1 reports of this reaction
1.1% of all GUAIFENESIN AND PSEUDOEPHEDRINE HCL reports
#20 most reported adverse reaction
CHOLELITHIASIS is the #20 most commonly reported adverse reaction for GUAIFENESIN AND PSEUDOEPHEDRINE HCL, manufactured by H E B. There are 1 FDA adverse event reports linking GUAIFENESIN AND PSEUDOEPHEDRINE HCL to CHOLELITHIASIS. This represents approximately 1.1% of all 92 adverse event reports for this drug.
Patients taking GUAIFENESIN AND PSEUDOEPHEDRINE HCL who experience cholelithiasis should discuss this symptom with their healthcare provider to determine whether it may be related to their medication and what alternatives may be available.
CHOLELITHIASIS is a less commonly reported adverse event for GUAIFENESIN AND PSEUDOEPHEDRINE HCL, but still significant enough to appear in the safety profile.

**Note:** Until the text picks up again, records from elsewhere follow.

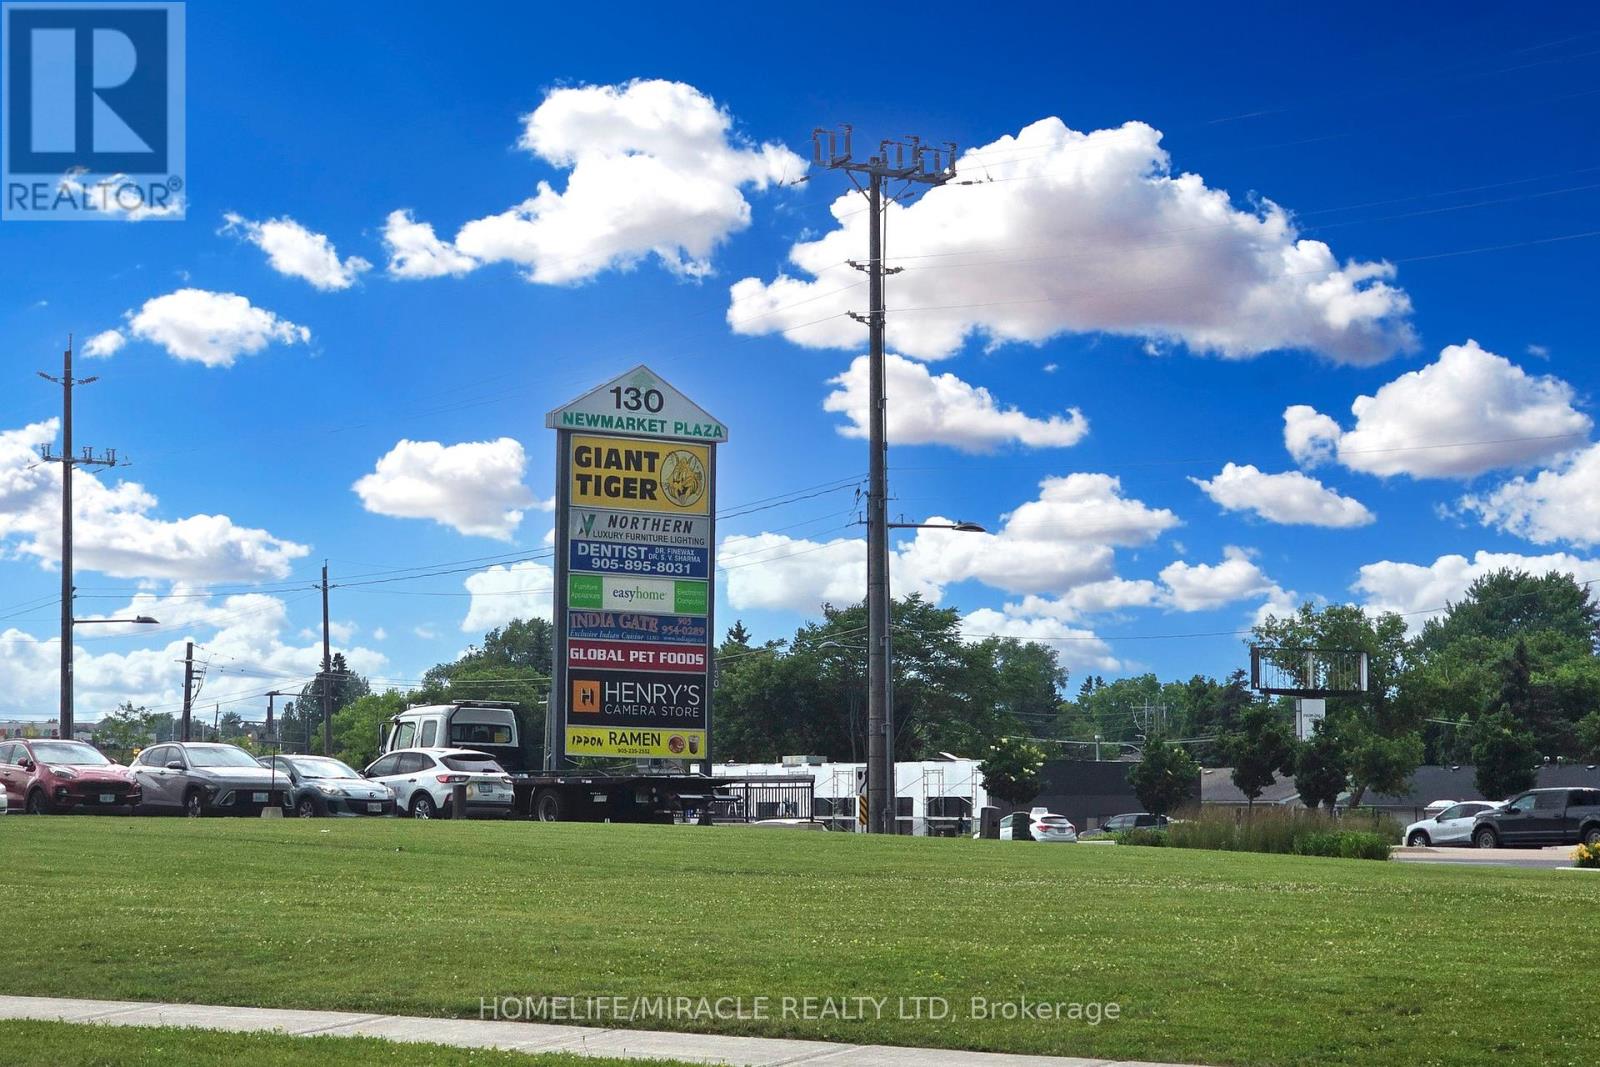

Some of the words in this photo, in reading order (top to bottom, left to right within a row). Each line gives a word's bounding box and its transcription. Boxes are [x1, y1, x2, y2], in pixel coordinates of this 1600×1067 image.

[609, 386, 664, 413] 130
[562, 412, 667, 433] NEWMARKET
[674, 421, 723, 438] PLAZA
[574, 445, 660, 473] GIANT
[575, 473, 658, 501] TIGER
[608, 515, 693, 534] NORTHERN
[593, 530, 624, 540] LUXURY
[625, 532, 668, 543] FURNITURE
[670, 536, 705, 546] LIGHTING
[577, 543, 648, 560] DENTIST
[591, 558, 691, 574] 905-895-8031
[612, 586, 665, 603] easyhome
[570, 611, 616, 629] INDIA
[618, 613, 658, 633] GATE
[599, 630, 620, 640] Indian
[569, 647, 625, 662] GLOBAL
[629, 650, 655, 664] PET
[659, 652, 704, 665] FOODS
[604, 681, 700, 706] HENRY'S
[604, 704, 657, 717] CAMERA
[661, 706, 700, 718] STORE
[608, 731, 661, 747] RAMEN

In addition to cholelithiasis, the following adverse reactions have been reported for GUAIFENESIN AND PSEUDOEPHEDRINE HCL:
The following drugs have also been linked to cholelithiasis in FDA adverse event reports:
CHOLELITHIASIS has been reported as an adverse event in 1 FDA reports for GUAIFENESIN AND PSEUDOEPHEDRINE HCL. This does not prove causation, but indicates an association observed in post-market surveillance data.
CHOLELITHIASIS accounts for approximately 1.1% of all adverse event reports for GUAIFENESIN AND PSEUDOEPHEDRINE HCL, making it a notable side effect.

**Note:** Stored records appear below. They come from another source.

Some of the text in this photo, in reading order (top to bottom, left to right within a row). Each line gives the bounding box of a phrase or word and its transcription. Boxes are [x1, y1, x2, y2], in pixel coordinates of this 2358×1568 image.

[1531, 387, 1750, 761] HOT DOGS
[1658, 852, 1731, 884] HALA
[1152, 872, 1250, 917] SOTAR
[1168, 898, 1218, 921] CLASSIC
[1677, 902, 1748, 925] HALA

If you experience cholelithiasis while taking GUAIFENESIN AND PSEUDOEPHEDRINE HCL, contact your healthcare provider. They can evaluate whether the symptom is related to your medication and discuss potential adjustments to your treatment plan. Do not stop taking prescribed medication without consulting your doctor.